17 Nov Custody, Christmas, and Covid-19
How does Covid-19 affect custody orders durig the holiday season?
By: Mariana Posadas
Today, there are more active cases of COVID-19 in Texas than when the virus first arrived in the United States. The 2020 global pandemic has changed the way we live, forever. Students around the country are attending school virtually. With holidays around the corner, parents are left wondering whether they are obligated to follow their court-ordered custody holiday visitation schedule.
What Are Joint Managing Conservators?
Typically, Texas law says that parents should usually be named Joint Managing Conservators. A joint conservatorship order means both parents share decision making about the child. Such decisions include schooling, religious training, and medical decisions. In most joint conservatorship orders, one parent will have the exclusive right to decide where the child lives. This parent is called the “custodial parent.” The other parent with whom the child does not live with, is called the “non-custodial parent.”
What’s a Possession Order?
A possession order says when each parent has the right to visitation with the child. Joint Managing Conservators often share possession and access of the child through a Standard Possession Order. A Standard Possession Order states that parents will rotate holidays with the child every other year. Under this order, the non-custodial parent will have rights to the child during the holidays in even-numbered years. The non-custodial parent possession and access begins the day that the child is dismissed from school for Christmas vacation, and will continue until noon on the 28th of December. After that, the custodial parent has rights to the child until the child returns to school after the Christmas break.
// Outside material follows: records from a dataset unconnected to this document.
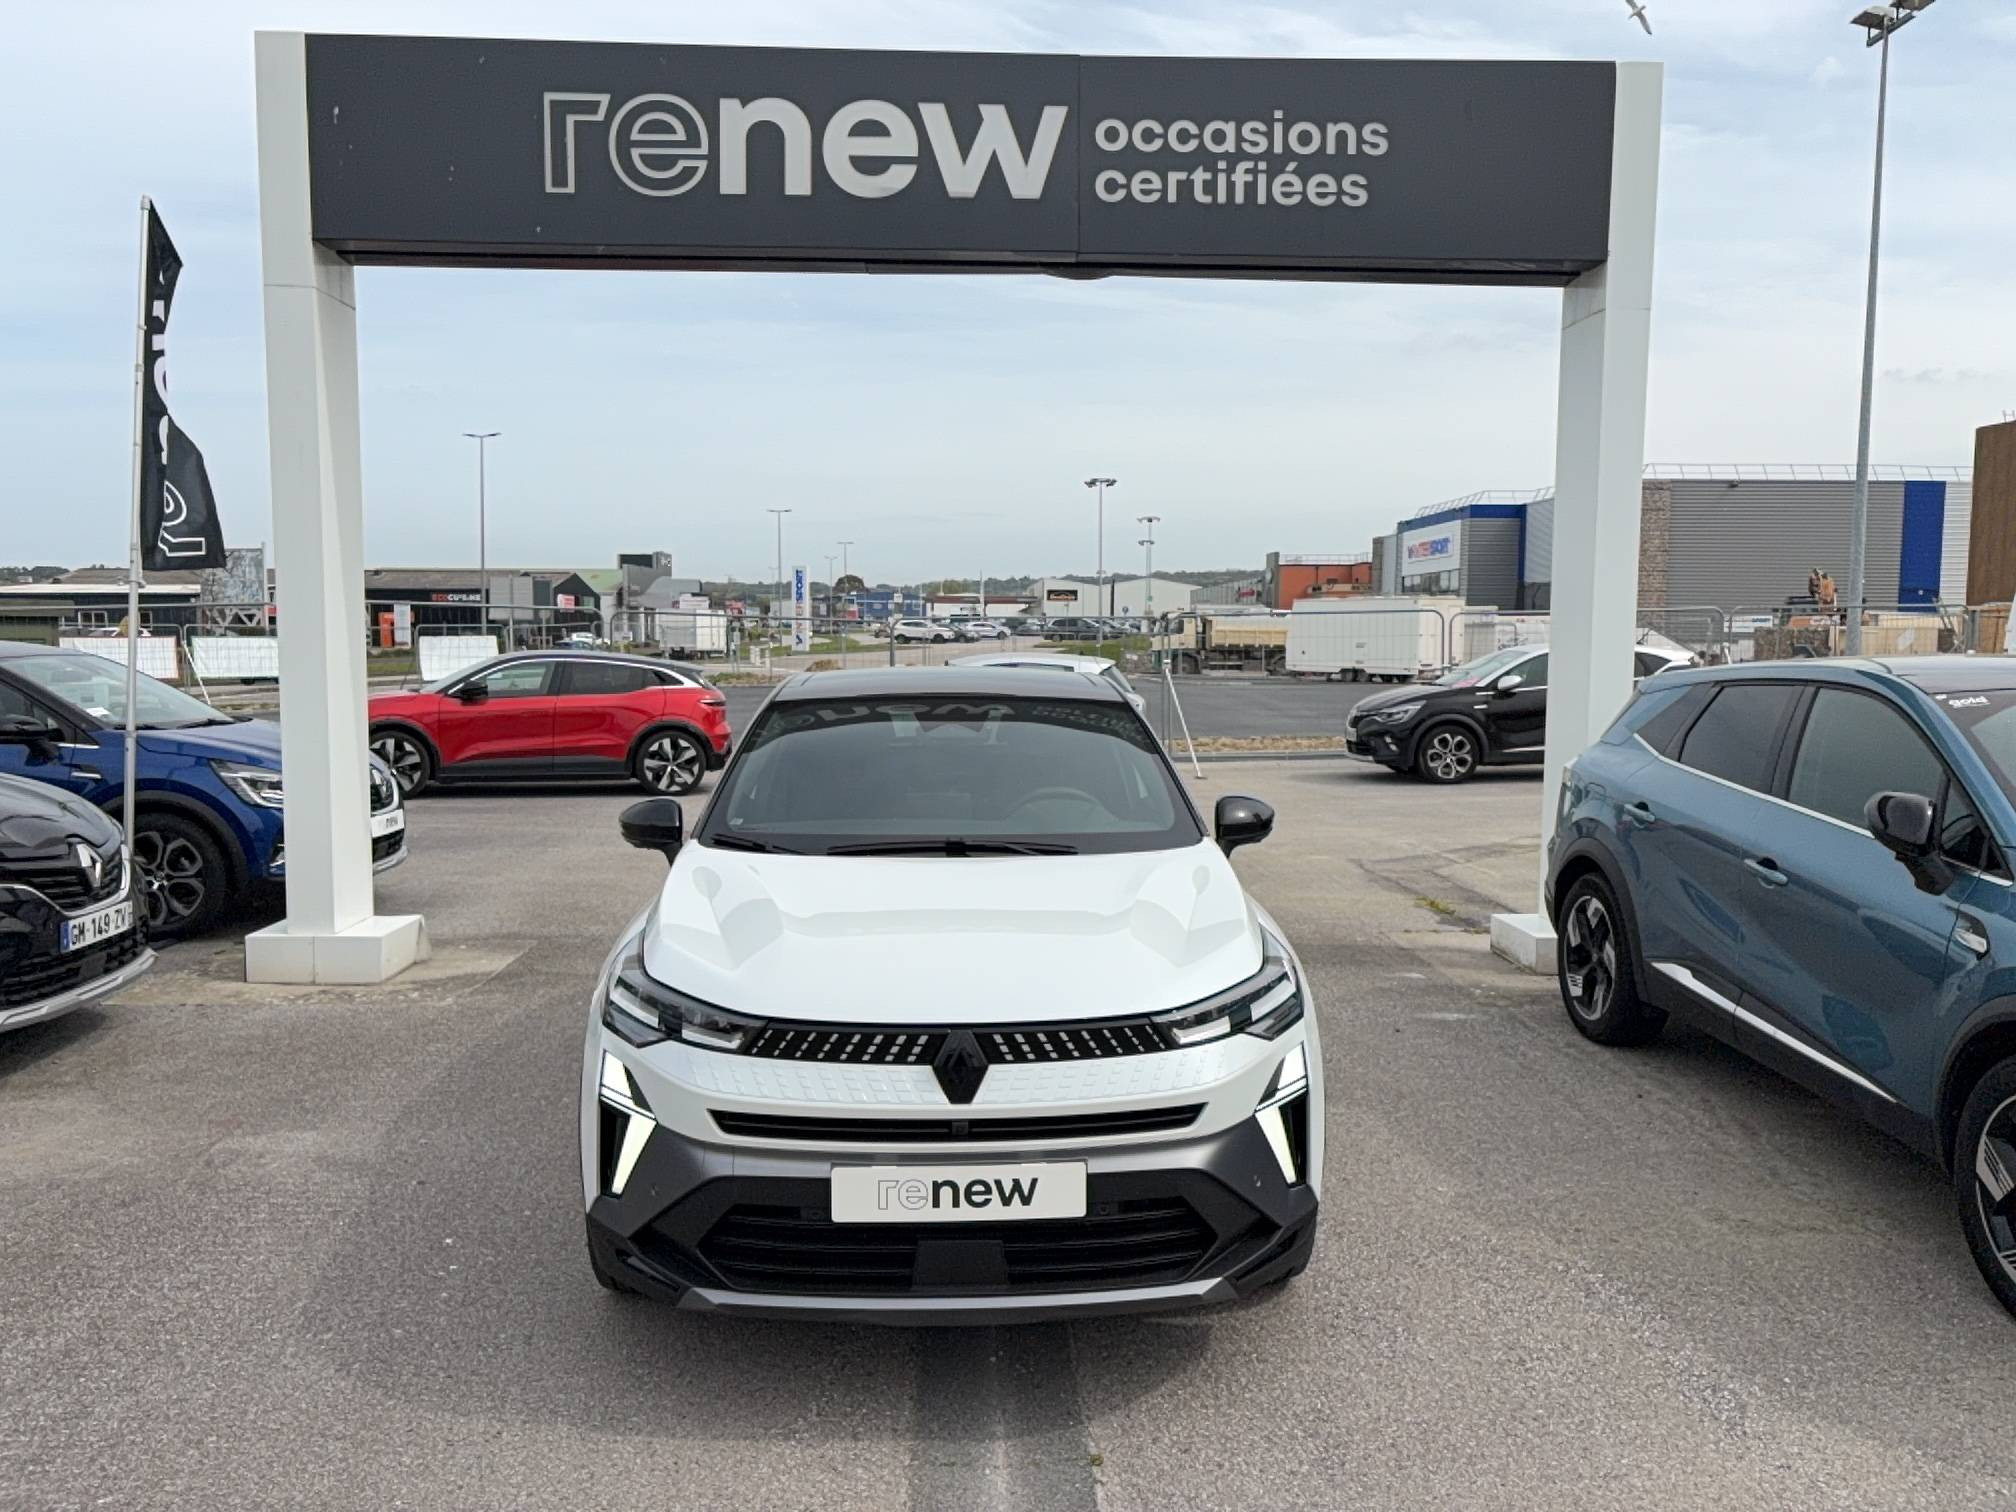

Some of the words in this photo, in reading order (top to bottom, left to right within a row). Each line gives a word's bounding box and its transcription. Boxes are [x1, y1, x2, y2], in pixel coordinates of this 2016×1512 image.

[543, 91, 1069, 200] renew
[1095, 109, 1389, 155] occasions
[1095, 160, 1369, 207] certifiées
[877, 1177, 1039, 1210] renew
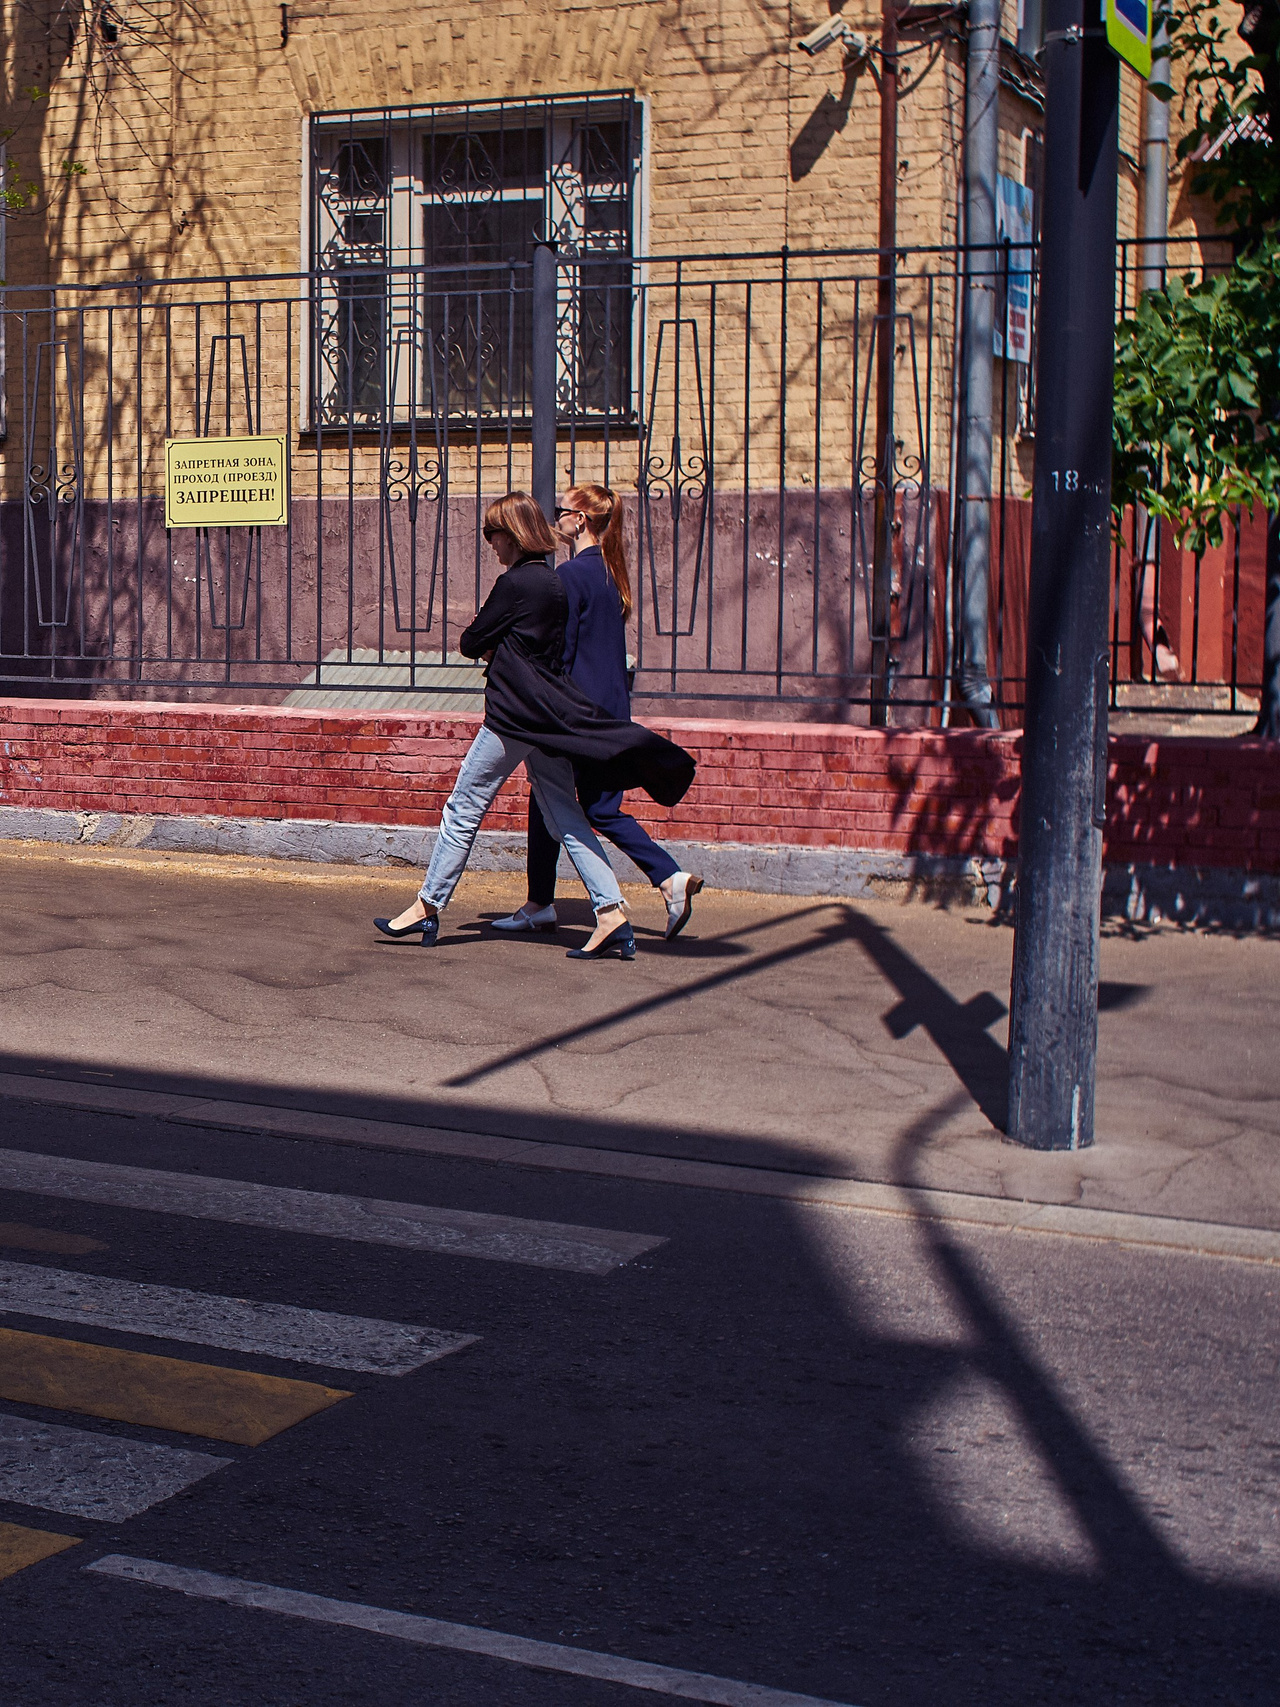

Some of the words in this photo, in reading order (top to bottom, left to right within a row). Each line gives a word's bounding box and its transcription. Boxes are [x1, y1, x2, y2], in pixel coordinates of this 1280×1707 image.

[174, 458, 239, 469] ЗАПРЕТНАЯ
[243, 457, 276, 467] ЗОНА,
[173, 473, 219, 484] ПРОХОД
[223, 471, 277, 483] (ПРОЕЗД)
[176, 488, 275, 504] ЗАПРЕЩЕН!
In odd-numbered years, the custodial parent has rights to the child during the holidays. The custodial parent’s possession begins when the child is dismissed from school for Christmas vacation and will continue until noon on the 28th of December. After that, the non-custodial parent has rights to the child until the day before the child returns to school after the Christmas break.
Can You Ignore a Possession Order?
Traveling during these trying times may be dangerous, and therefore parents across the State may be planning on ignoring their possession and access order. However, Courts in Texas have held that parents should follow their visitation schedule based on their original school schedule, regardless if the children are online learning, and regardless of the global pandemic. In other words, shelter in place orders and social distancing does not supersede custody orders. Therefore, parents should follow their custody arrangement, as failure to do so may result in contempt of court and sanctions. However, the Standard Possession Order says that the parents may have possession of the child whenever they both agree. With the danger of COVID-19 lingering, many parents may agree to overlook the possession and access order, and agree to an alternative and safer holiday schedule.